Objective: This study was aimed to evaluate the factors affecting survival in hepatitis b virus (HBV)-associated hepatocellular carcinoma (HCC) cases.
Materials and Methods: Information of 114 patients who applied to our center between January 2012 and January 2021 and met the inclusion criteria of the study were collected. Data of cirrhotic patients (CP) and non-cirrhotic patient (NCP) groups were compared. Factors affecting survival were identified by log-rank and Cox regression analysis.

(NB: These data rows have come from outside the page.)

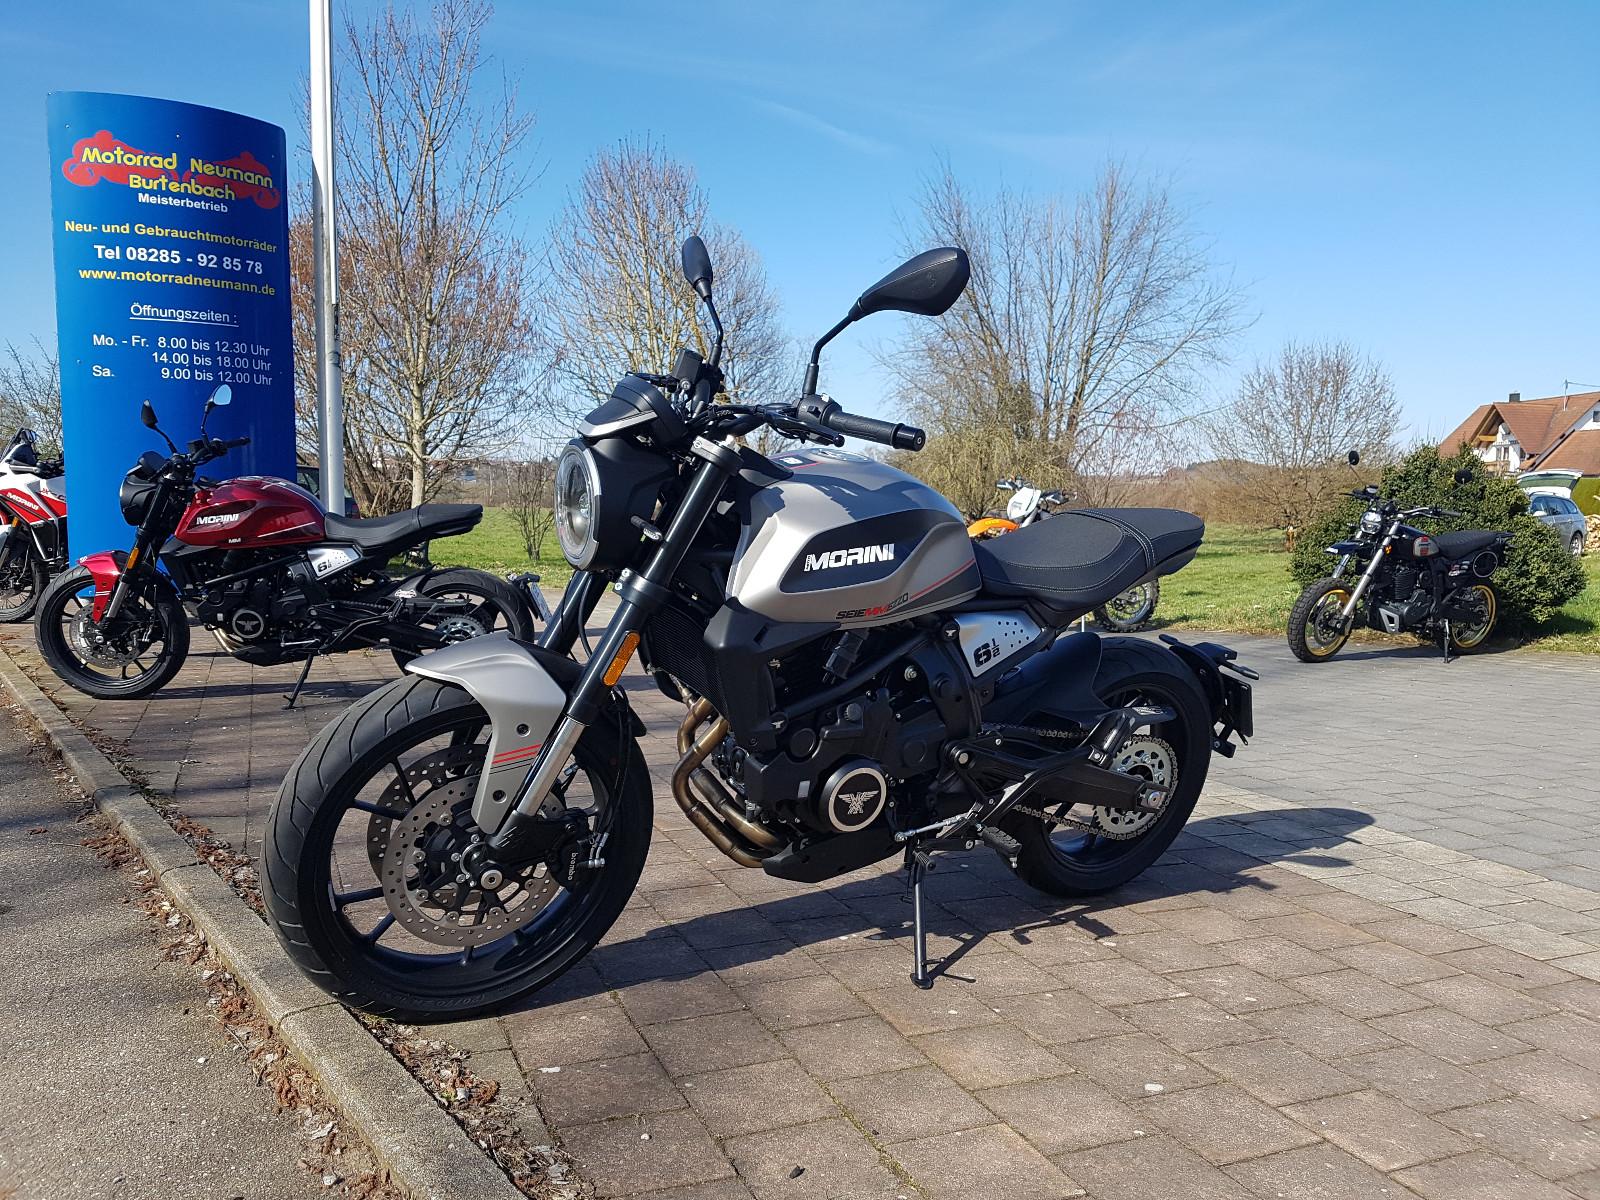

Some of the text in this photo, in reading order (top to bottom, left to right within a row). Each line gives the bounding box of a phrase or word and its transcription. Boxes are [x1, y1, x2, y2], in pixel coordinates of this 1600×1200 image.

[81, 146, 273, 189] Motorrad Neumann
[128, 174, 235, 201] Burtenbach
[137, 192, 228, 213] Meisterbetrieb
[64, 220, 277, 253] Neu- und Gebrauchtmotorräder
[93, 244, 121, 260] Tel
[125, 246, 181, 264] 08285
[197, 253, 218, 268] 92
[222, 256, 242, 271] 85
[245, 260, 263, 275] 78
[78, 269, 276, 296] www.motorradneumann.de
[130, 301, 230, 323] Öffnungszeiten
[92, 334, 118, 346] Mo.
[131, 335, 149, 347] Fr.
[157, 336, 188, 350] 8.00
[191, 338, 210, 351] bis
[214, 340, 248, 354] 12.30
[250, 343, 271, 357] Uhr
[152, 351, 272, 371] 14.00 bis 18.00 Uhr
[91, 364, 273, 386] Sa. 9.00 bis 12.00 Uhr
[196, 513, 240, 525] MORINI
[811, 543, 895, 572] MORINI
[567, 852, 579, 881] brembo
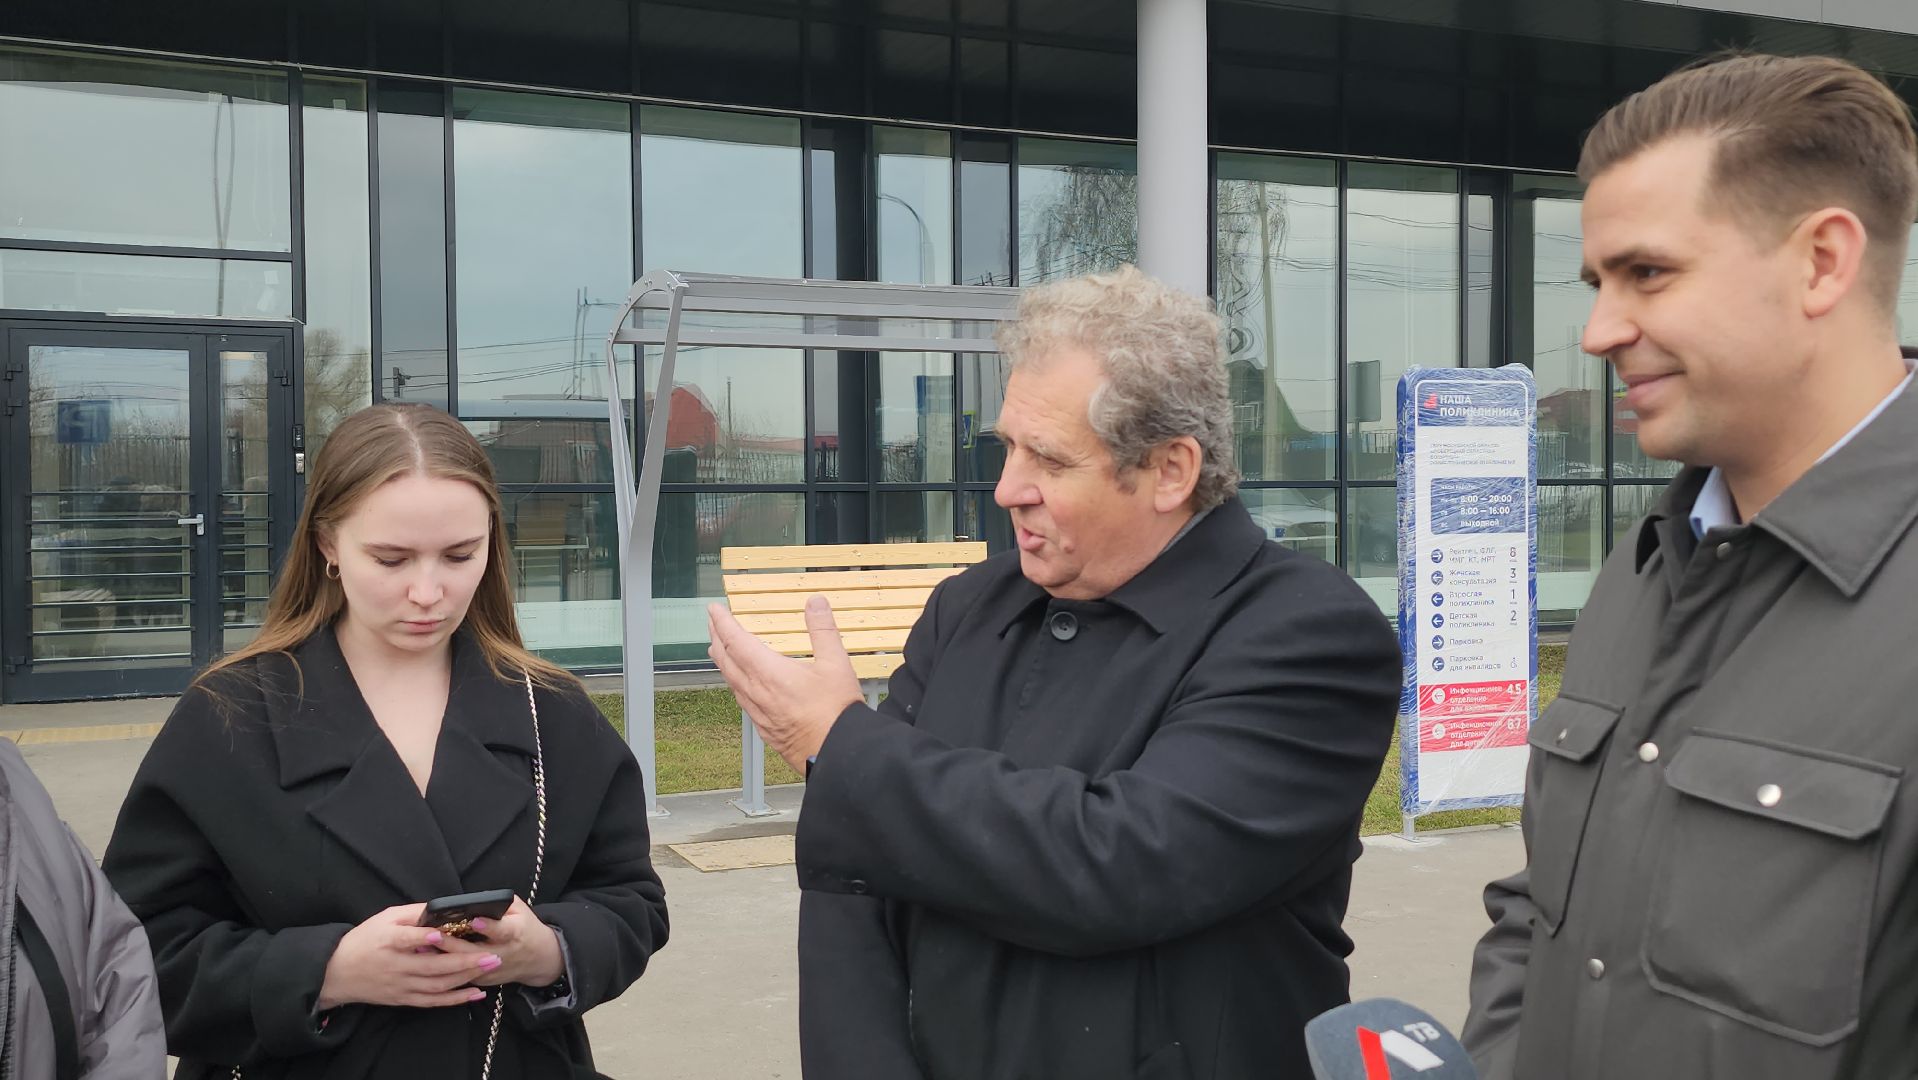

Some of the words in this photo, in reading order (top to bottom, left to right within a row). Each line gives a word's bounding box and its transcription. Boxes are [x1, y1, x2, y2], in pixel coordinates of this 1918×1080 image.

[1440, 394, 1472, 405] НАША
[1440, 407, 1520, 417] ПОЛИКЛИНИКА
[1460, 495, 1478, 503] 8:00
[1489, 494, 1512, 502] 20:00
[1460, 507, 1478, 515] 8:00
[1489, 506, 1510, 514] 16:00
[1510, 547, 1516, 557] 8
[1510, 568, 1516, 578] 3
[1511, 589, 1515, 599] 1
[1511, 610, 1517, 621] 2
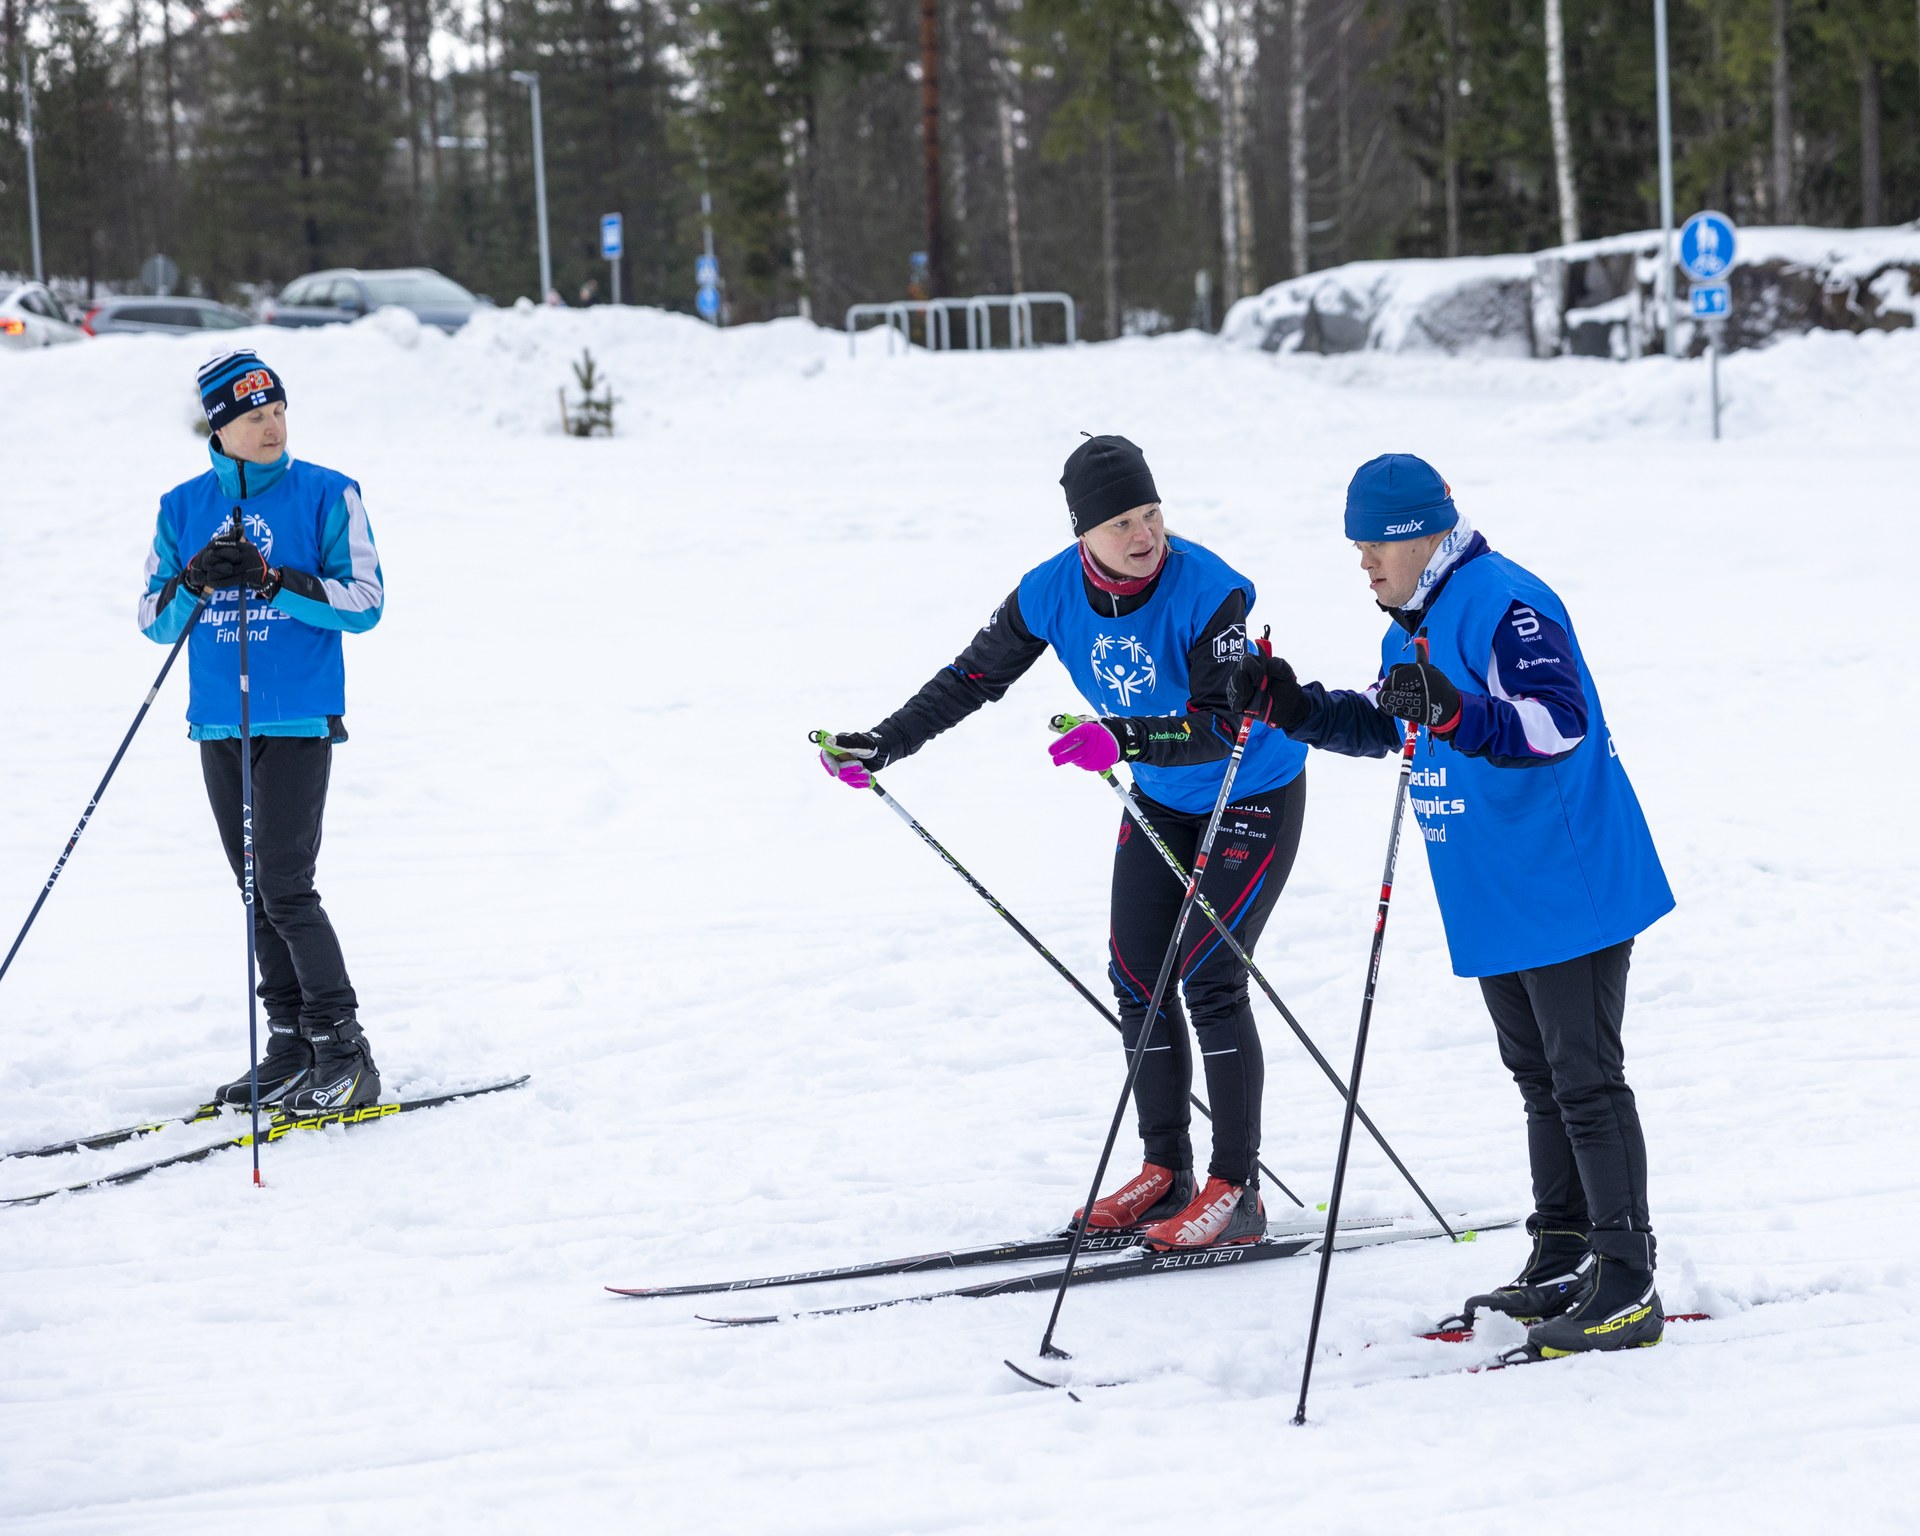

Results: In univariate survival analysis; body mass index (BMI), AFP, bilirubin levels, AST, GGT, ALP, albumin, albumin to ALP ratio, neutrophil to lymphocyte ratio (NLR), longest tumor diameter, hypertension, infitrative tumor, ascites, meeting the Milan criteria and treatment type were associated with survival. 64 (%56,1) patients had cirrhosis and it was associated with reduced survival. In multivariate analysis; ALP, ascites, longest tumor diameter, AFP and albumin were independent factors affecting survival. CP and NCP were compared; albumin, leukocyte, neutrophil, platelet, albumin to ALP ratio and hypertension rate were higher in CP. Better survival were observed with incerased BMI level in NCP (p=0,005) whereas no affect on CP.
Conclusion: Liver function tests, hemogram-related parameters, findings related to tumor burden, AFP, cirrhosis and its complications were found to afffect on survival in line with the literature. An increase in survival was observed with am incerase in BMI level in NCP and hypertension rate was found to be higher than im CP. Considering the absence of cirrhosis in ⁓30-50% of HBV-related HCC cases, further studies are needed for the survival effects of metabolic factors in non-cirrhotic patients.